**Work item:**
Would you write out the entries that follow word for word, omitting any images?

**Records for this exercise:**
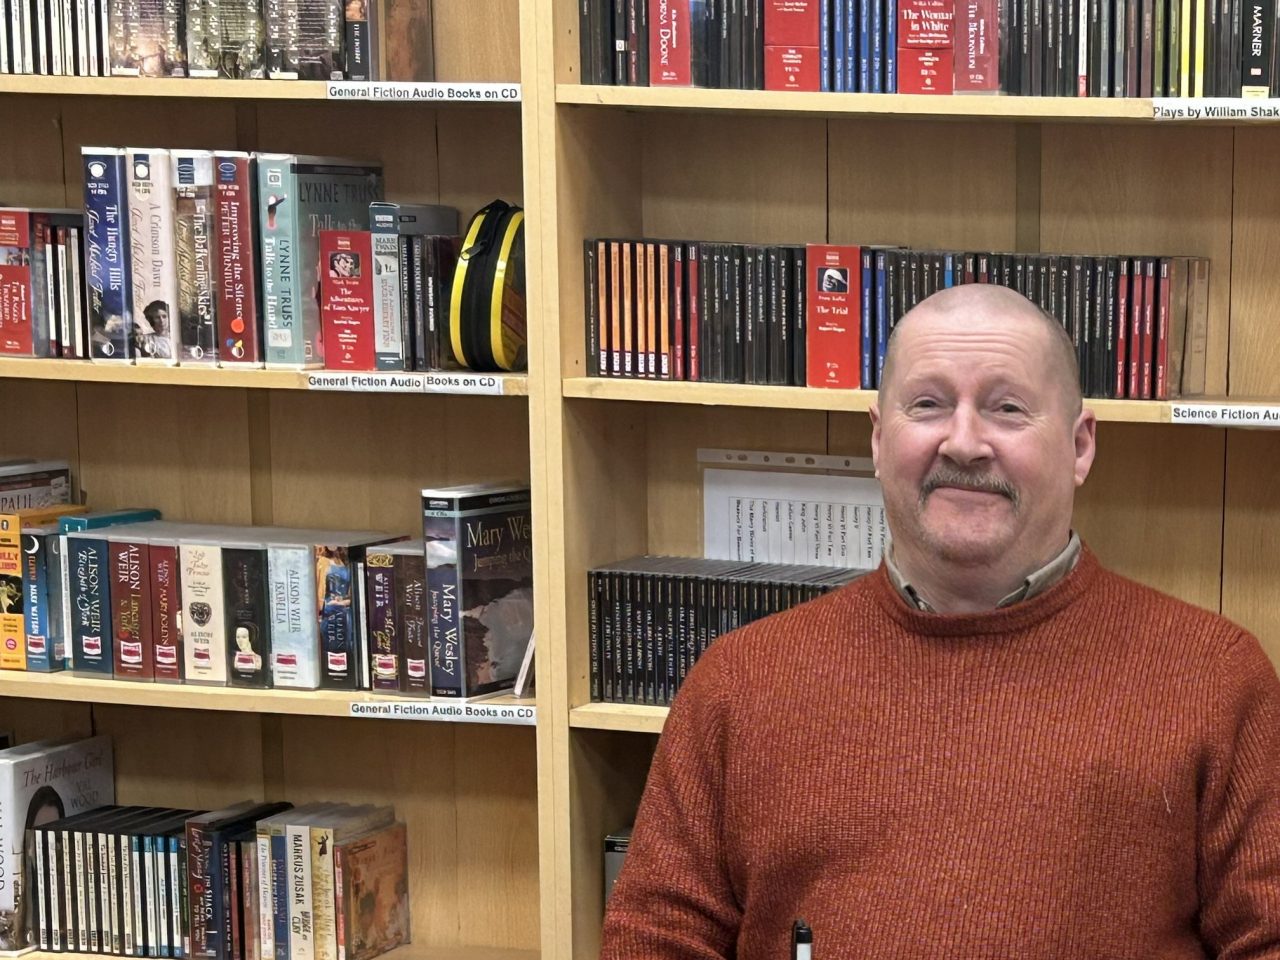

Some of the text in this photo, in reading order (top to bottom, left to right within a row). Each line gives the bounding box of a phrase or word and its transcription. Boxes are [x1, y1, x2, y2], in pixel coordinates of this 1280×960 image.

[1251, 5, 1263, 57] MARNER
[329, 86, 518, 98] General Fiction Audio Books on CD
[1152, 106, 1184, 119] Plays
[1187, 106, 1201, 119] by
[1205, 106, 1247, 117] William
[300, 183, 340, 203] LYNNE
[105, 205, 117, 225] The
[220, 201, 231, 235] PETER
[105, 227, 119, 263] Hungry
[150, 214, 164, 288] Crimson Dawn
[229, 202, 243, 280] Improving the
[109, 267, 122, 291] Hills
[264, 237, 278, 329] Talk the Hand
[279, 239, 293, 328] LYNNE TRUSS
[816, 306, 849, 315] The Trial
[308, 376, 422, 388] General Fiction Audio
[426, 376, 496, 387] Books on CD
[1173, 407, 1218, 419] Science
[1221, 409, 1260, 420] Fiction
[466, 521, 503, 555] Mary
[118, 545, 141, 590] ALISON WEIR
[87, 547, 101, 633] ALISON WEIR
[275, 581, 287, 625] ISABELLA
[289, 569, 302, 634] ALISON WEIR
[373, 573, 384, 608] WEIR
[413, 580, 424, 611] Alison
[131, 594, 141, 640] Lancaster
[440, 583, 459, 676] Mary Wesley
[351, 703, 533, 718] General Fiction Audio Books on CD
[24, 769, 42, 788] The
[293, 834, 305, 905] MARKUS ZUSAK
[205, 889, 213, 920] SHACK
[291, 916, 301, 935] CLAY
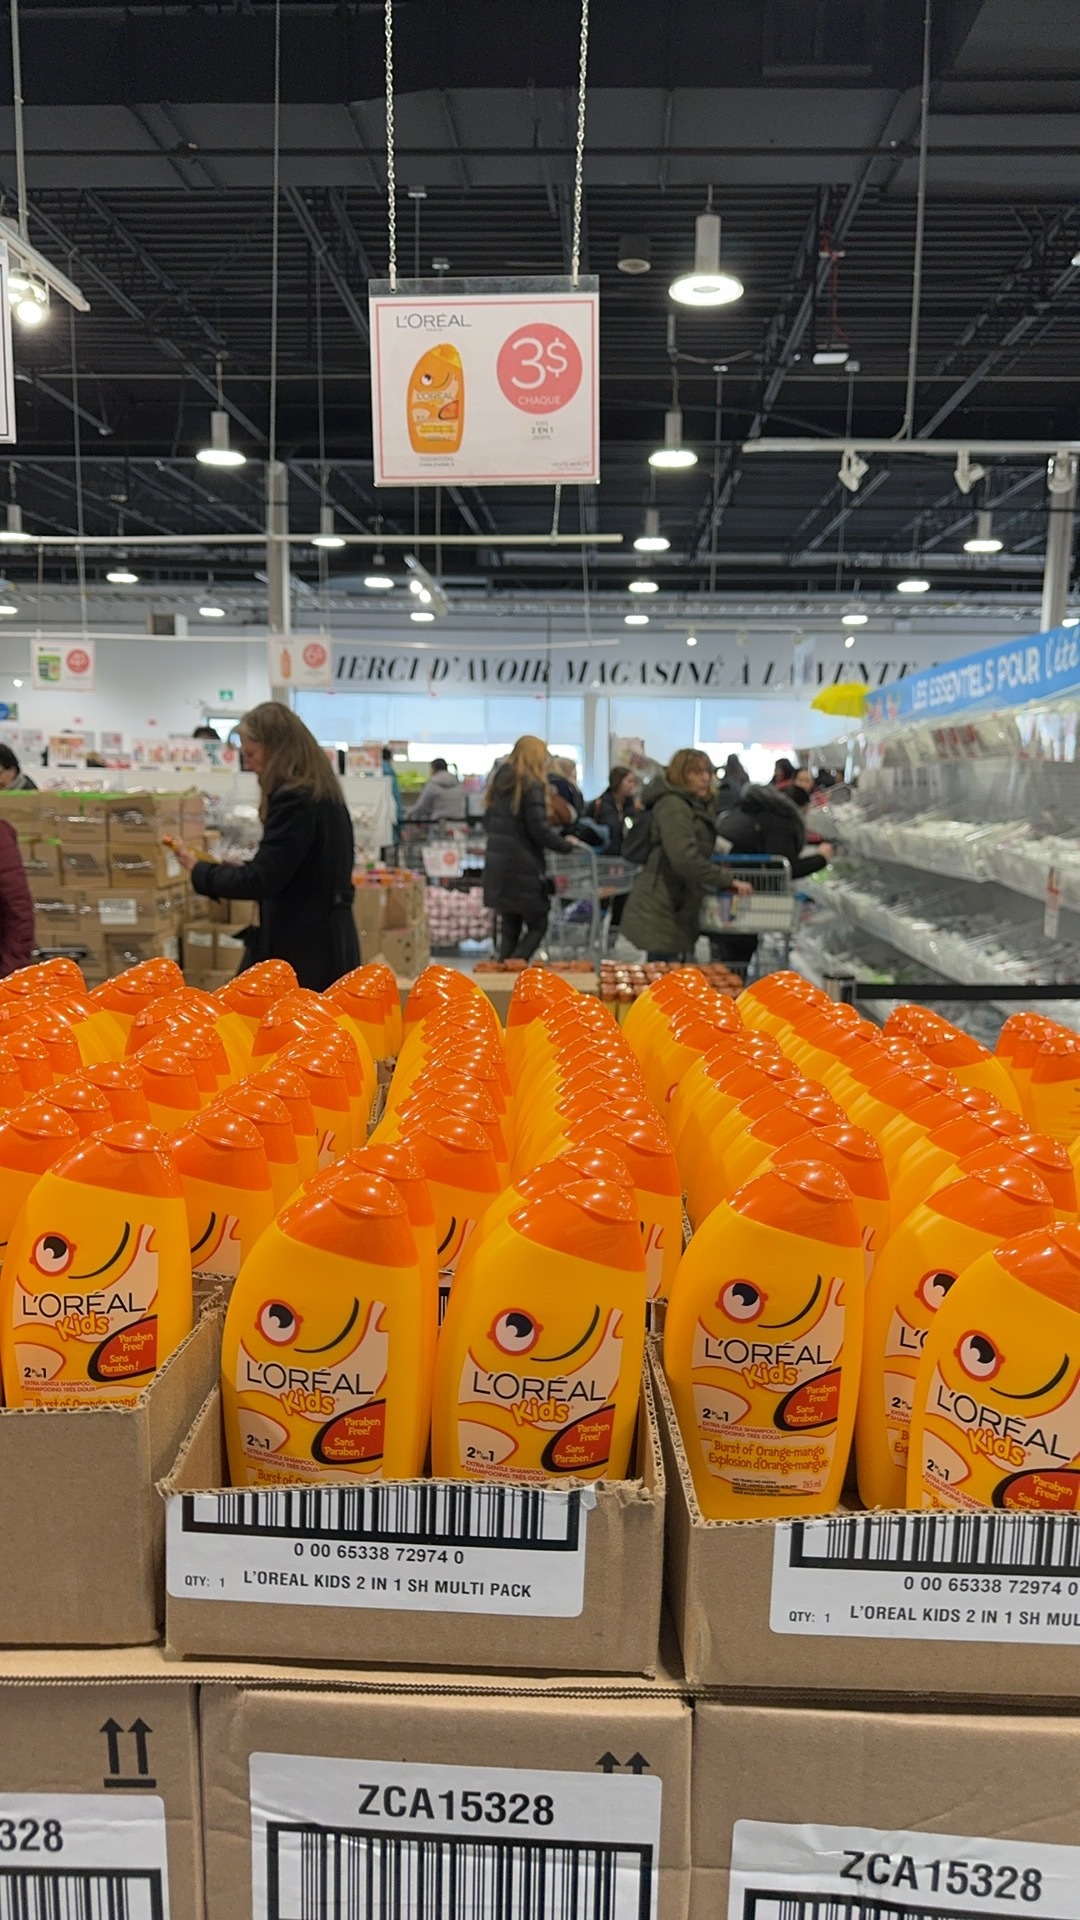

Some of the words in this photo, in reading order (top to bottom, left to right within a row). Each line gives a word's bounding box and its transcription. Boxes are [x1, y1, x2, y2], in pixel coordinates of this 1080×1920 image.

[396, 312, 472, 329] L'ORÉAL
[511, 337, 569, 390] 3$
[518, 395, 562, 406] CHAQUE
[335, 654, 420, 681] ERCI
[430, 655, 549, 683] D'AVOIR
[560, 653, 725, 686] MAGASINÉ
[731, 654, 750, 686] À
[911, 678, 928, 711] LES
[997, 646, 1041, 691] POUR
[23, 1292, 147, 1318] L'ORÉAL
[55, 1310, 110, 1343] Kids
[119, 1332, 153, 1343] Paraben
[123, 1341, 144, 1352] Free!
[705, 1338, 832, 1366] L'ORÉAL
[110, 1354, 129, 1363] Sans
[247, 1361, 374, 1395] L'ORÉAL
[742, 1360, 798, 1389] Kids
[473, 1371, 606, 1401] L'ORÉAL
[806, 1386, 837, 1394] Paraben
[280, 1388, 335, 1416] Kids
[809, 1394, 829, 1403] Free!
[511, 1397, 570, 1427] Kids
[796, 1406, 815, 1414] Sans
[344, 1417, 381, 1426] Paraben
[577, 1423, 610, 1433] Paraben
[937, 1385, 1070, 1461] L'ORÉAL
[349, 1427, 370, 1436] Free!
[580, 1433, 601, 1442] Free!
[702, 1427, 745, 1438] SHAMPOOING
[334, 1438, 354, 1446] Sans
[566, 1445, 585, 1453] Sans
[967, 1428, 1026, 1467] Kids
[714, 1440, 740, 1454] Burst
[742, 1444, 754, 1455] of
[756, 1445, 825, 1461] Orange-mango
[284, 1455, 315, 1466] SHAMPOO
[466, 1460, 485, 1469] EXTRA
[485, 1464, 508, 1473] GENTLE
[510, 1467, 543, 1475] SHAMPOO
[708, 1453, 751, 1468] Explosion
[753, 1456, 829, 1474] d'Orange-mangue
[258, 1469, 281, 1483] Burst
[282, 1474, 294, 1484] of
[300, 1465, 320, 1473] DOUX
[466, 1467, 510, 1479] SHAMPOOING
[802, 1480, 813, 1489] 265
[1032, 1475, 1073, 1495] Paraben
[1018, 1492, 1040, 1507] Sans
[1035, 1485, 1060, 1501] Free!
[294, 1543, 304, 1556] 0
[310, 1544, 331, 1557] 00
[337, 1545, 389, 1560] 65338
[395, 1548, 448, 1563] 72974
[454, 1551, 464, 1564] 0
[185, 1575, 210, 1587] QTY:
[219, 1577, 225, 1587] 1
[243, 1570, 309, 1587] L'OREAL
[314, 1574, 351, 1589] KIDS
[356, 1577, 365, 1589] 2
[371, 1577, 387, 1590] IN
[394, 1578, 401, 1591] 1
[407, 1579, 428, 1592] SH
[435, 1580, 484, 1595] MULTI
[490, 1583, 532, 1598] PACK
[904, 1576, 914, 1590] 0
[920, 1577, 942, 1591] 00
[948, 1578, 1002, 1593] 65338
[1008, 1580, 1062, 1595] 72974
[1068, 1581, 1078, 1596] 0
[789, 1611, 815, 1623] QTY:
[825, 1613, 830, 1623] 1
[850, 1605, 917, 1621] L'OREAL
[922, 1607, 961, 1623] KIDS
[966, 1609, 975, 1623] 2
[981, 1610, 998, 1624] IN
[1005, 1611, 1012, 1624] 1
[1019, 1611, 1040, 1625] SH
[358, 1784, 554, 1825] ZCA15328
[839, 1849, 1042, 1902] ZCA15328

**Solution for this exercise:**
Some of the text in this photo, in reading order (top to bottom, left to right within a row). Each line gives the bounding box of a phrase or word and its transcription. Boxes are [x1, y1, x2, y2], in pixel coordinates of this 1280×960 image.

[1251, 5, 1263, 57] MARNER
[329, 86, 518, 98] General Fiction Audio Books on CD
[1152, 106, 1184, 119] Plays
[1187, 106, 1201, 119] by
[1205, 106, 1247, 117] William
[300, 183, 340, 203] LYNNE
[105, 205, 117, 225] The
[220, 201, 231, 235] PETER
[105, 227, 119, 263] Hungry
[150, 214, 164, 288] Crimson Dawn
[229, 202, 243, 280] Improving the
[109, 267, 122, 291] Hills
[264, 237, 278, 329] Talk the Hand
[279, 239, 293, 328] LYNNE TRUSS
[816, 306, 849, 315] The Trial
[308, 376, 422, 388] General Fiction Audio
[426, 376, 496, 387] Books on CD
[1173, 407, 1218, 419] Science
[1221, 409, 1260, 420] Fiction
[466, 521, 503, 555] Mary
[118, 545, 141, 590] ALISON WEIR
[87, 547, 101, 633] ALISON WEIR
[275, 581, 287, 625] ISABELLA
[289, 569, 302, 634] ALISON WEIR
[373, 573, 384, 608] WEIR
[413, 580, 424, 611] Alison
[131, 594, 141, 640] Lancaster
[440, 583, 459, 676] Mary Wesley
[351, 703, 533, 718] General Fiction Audio Books on CD
[24, 769, 42, 788] The
[293, 834, 305, 905] MARKUS ZUSAK
[205, 889, 213, 920] SHACK
[291, 916, 301, 935] CLAY

Some of the words in this photo, in reading order (top to bottom, left to right within a row). Each line gives a word's bounding box and its transcription. Boxes are [x1, y1, x2, y2], in pixel coordinates of this 1080×1920 image.

[396, 312, 472, 329] L'ORÉAL
[511, 337, 569, 390] 3$
[518, 395, 562, 406] CHAQUE
[335, 654, 420, 681] ERCI
[430, 655, 549, 683] D'AVOIR
[560, 653, 725, 686] MAGASINÉ
[731, 654, 750, 686] À
[911, 678, 928, 711] LES
[997, 646, 1041, 691] POUR
[23, 1292, 147, 1318] L'ORÉAL
[55, 1310, 110, 1343] Kids
[119, 1332, 153, 1343] Paraben
[123, 1341, 144, 1352] Free!
[705, 1338, 832, 1366] L'ORÉAL
[110, 1354, 129, 1363] Sans
[247, 1361, 374, 1395] L'ORÉAL
[742, 1360, 798, 1389] Kids
[473, 1371, 606, 1401] L'ORÉAL
[806, 1386, 837, 1394] Paraben
[280, 1388, 335, 1416] Kids
[809, 1394, 829, 1403] Free!
[511, 1397, 570, 1427] Kids
[796, 1406, 815, 1414] Sans
[344, 1417, 381, 1426] Paraben
[577, 1423, 610, 1433] Paraben
[937, 1385, 1070, 1461] L'ORÉAL
[349, 1427, 370, 1436] Free!
[580, 1433, 601, 1442] Free!
[702, 1427, 745, 1438] SHAMPOOING
[334, 1438, 354, 1446] Sans
[566, 1445, 585, 1453] Sans
[967, 1428, 1026, 1467] Kids
[714, 1440, 740, 1454] Burst
[742, 1444, 754, 1455] of
[756, 1445, 825, 1461] Orange-mango
[284, 1455, 315, 1466] SHAMPOO
[466, 1460, 485, 1469] EXTRA
[485, 1464, 508, 1473] GENTLE
[510, 1467, 543, 1475] SHAMPOO
[708, 1453, 751, 1468] Explosion
[753, 1456, 829, 1474] d'Orange-mangue
[258, 1469, 281, 1483] Burst
[282, 1474, 294, 1484] of
[300, 1465, 320, 1473] DOUX
[466, 1467, 510, 1479] SHAMPOOING
[802, 1480, 813, 1489] 265
[1032, 1475, 1073, 1495] Paraben
[1018, 1492, 1040, 1507] Sans
[1035, 1485, 1060, 1501] Free!
[294, 1543, 304, 1556] 0
[310, 1544, 331, 1557] 00
[337, 1545, 389, 1560] 65338
[395, 1548, 448, 1563] 72974
[454, 1551, 464, 1564] 0
[185, 1575, 210, 1587] QTY:
[219, 1577, 225, 1587] 1
[243, 1570, 309, 1587] L'OREAL
[314, 1574, 351, 1589] KIDS
[356, 1577, 365, 1589] 2
[371, 1577, 387, 1590] IN
[394, 1578, 401, 1591] 1
[407, 1579, 428, 1592] SH
[435, 1580, 484, 1595] MULTI
[490, 1583, 532, 1598] PACK
[904, 1576, 914, 1590] 0
[920, 1577, 942, 1591] 00
[948, 1578, 1002, 1593] 65338
[1008, 1580, 1062, 1595] 72974
[1068, 1581, 1078, 1596] 0
[789, 1611, 815, 1623] QTY:
[825, 1613, 830, 1623] 1
[850, 1605, 917, 1621] L'OREAL
[922, 1607, 961, 1623] KIDS
[966, 1609, 975, 1623] 2
[981, 1610, 998, 1624] IN
[1005, 1611, 1012, 1624] 1
[1019, 1611, 1040, 1625] SH
[358, 1784, 554, 1825] ZCA15328
[839, 1849, 1042, 1902] ZCA15328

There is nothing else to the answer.